*ASSIGNMENT*: Set down the entries that follow exactly as written, leaving out any images.

*DATA RECORDS*:
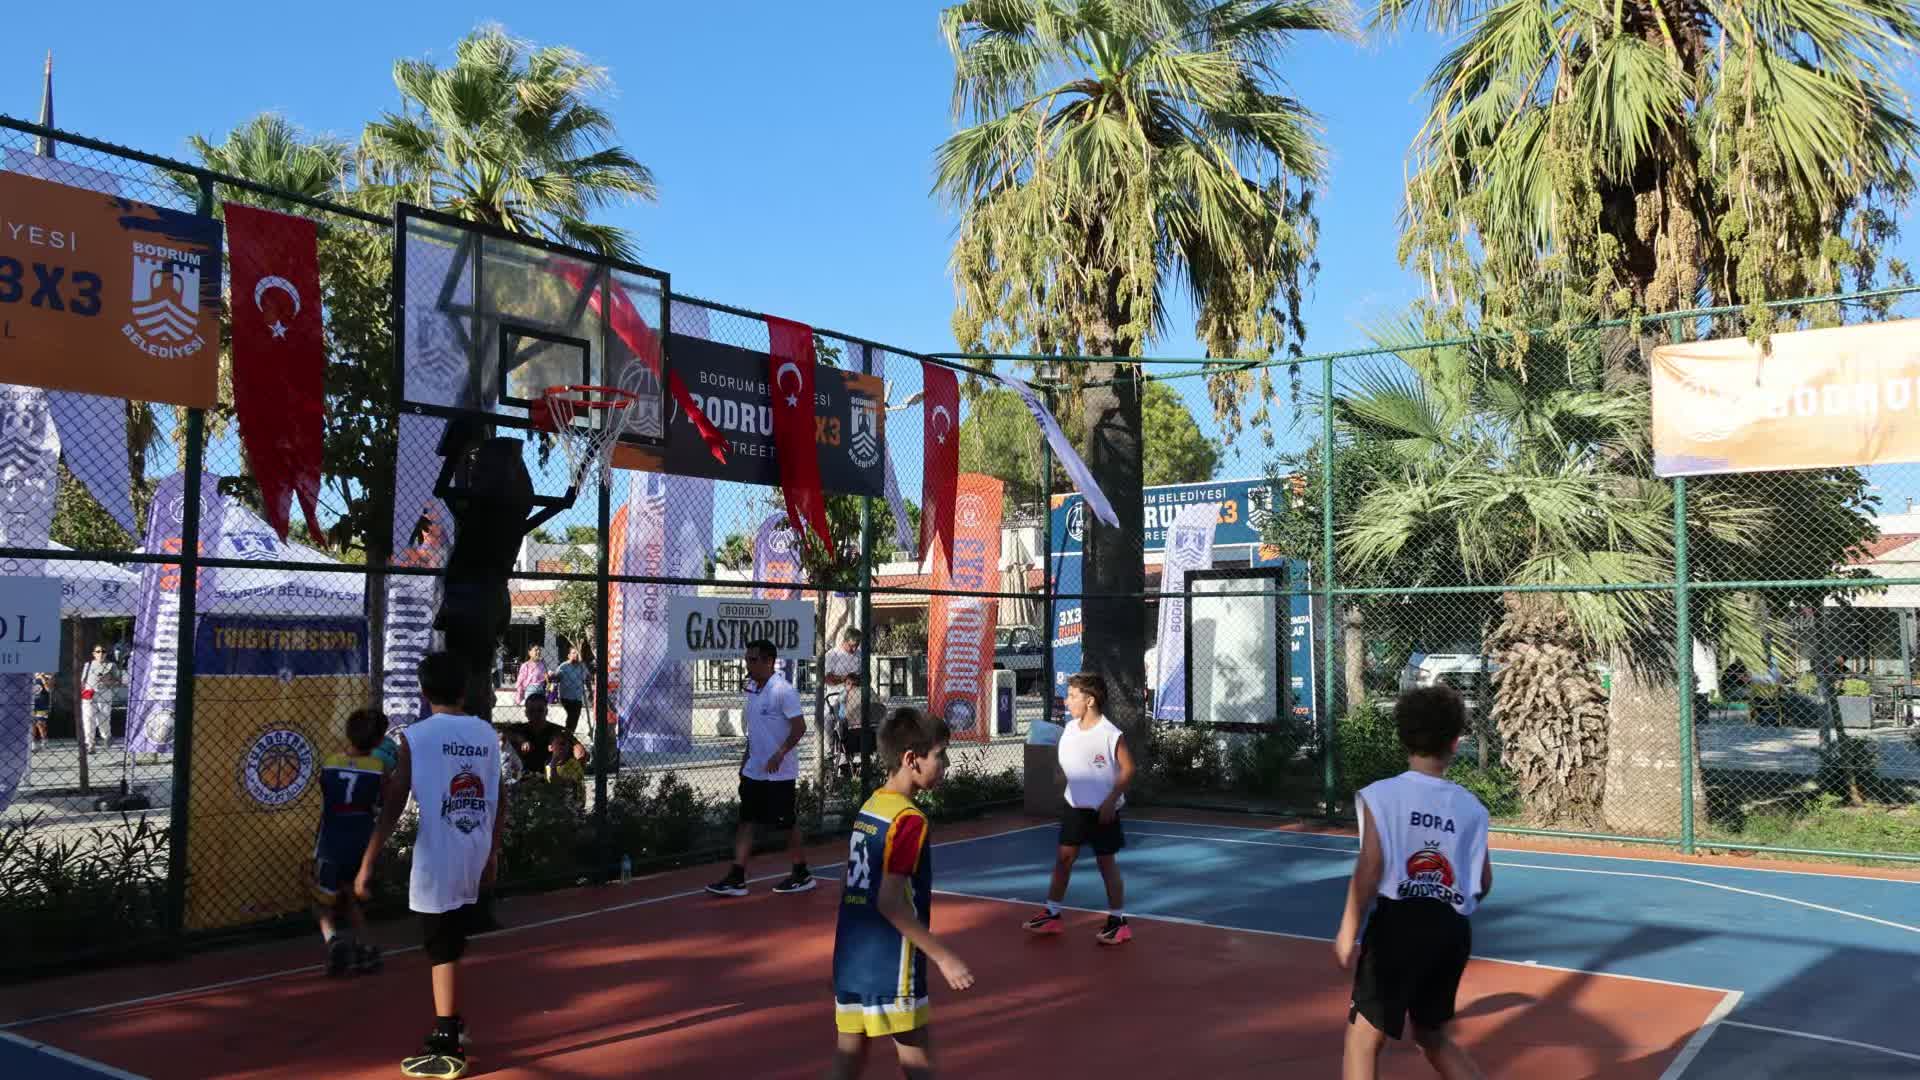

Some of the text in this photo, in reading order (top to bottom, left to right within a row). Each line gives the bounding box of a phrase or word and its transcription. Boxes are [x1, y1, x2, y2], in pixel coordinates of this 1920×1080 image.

[133, 241, 201, 266] BODRUM
[121, 323, 206, 359] BELEDİYESİ
[700, 371, 754, 393] BODRUM
[688, 393, 774, 436] BODRU
[1159, 488, 1226, 504] BELEDİYESİ
[725, 606, 764, 616] BODRUM
[1060, 608, 1082, 626] 3X3
[686, 611, 800, 650] GASTROPUB
[442, 742, 488, 757] RÜZGAR
[338, 771, 359, 805] 7
[1410, 811, 1456, 833] BORA
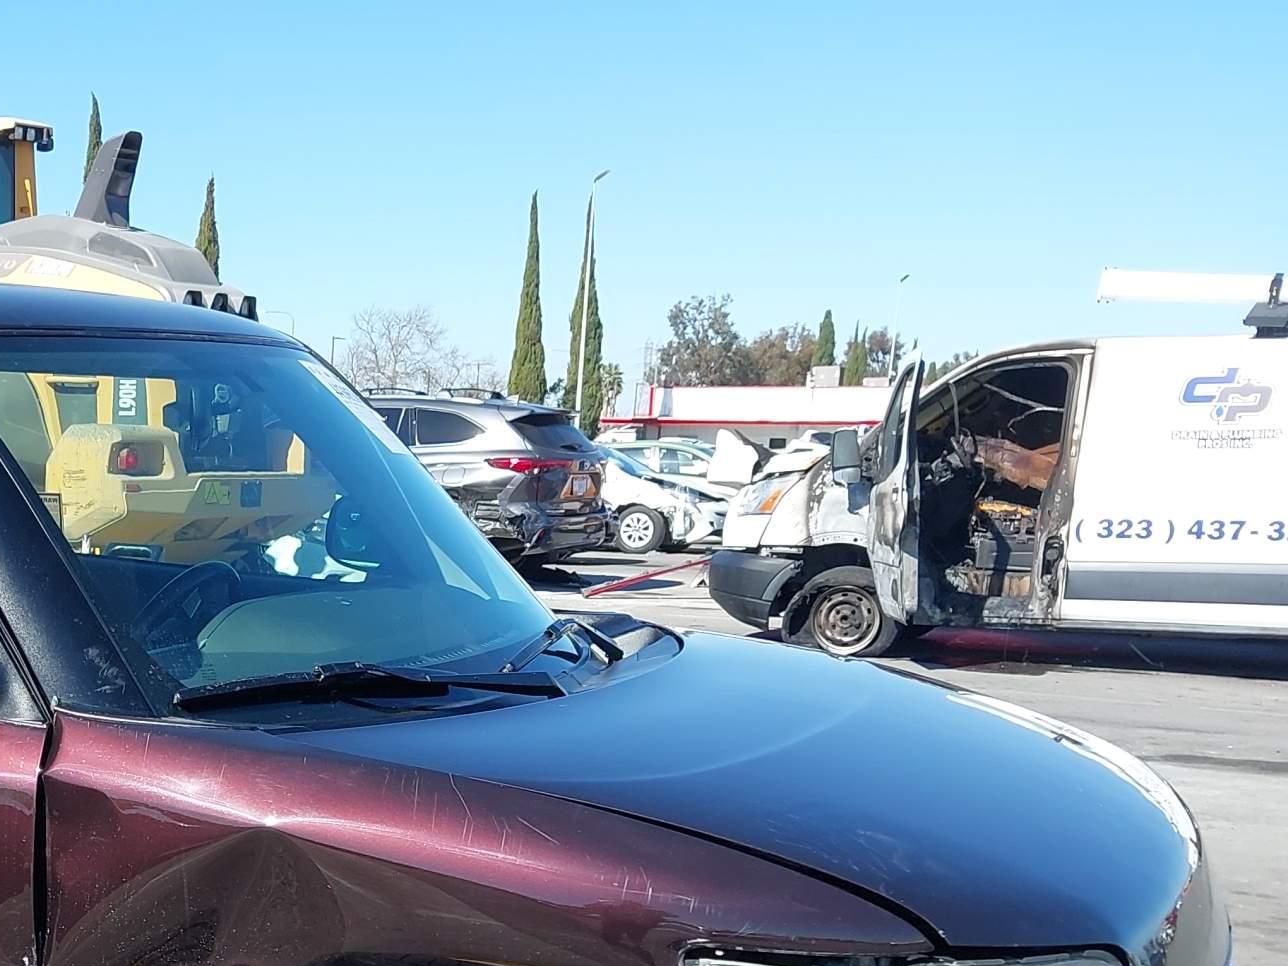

*YOUR SOLUTION*:
Some of the text in this photo, in reading order (top to bottom, left to right within a row). Each line gives the bounding box of a phrase or word and its transcription. Boxes are [x1, y1, x2, y2], in pixel coordinates of this 1920×1080 image.

[133, 241, 201, 266] BODRUM
[121, 323, 206, 359] BELEDİYESİ
[700, 371, 754, 393] BODRUM
[688, 393, 774, 436] BODRU
[1159, 488, 1226, 504] BELEDİYESİ
[725, 606, 764, 616] BODRUM
[1060, 608, 1082, 626] 3X3
[686, 611, 800, 650] GASTROPUB
[442, 742, 488, 757] RÜZGAR
[338, 771, 359, 805] 7
[1410, 811, 1456, 833] BORA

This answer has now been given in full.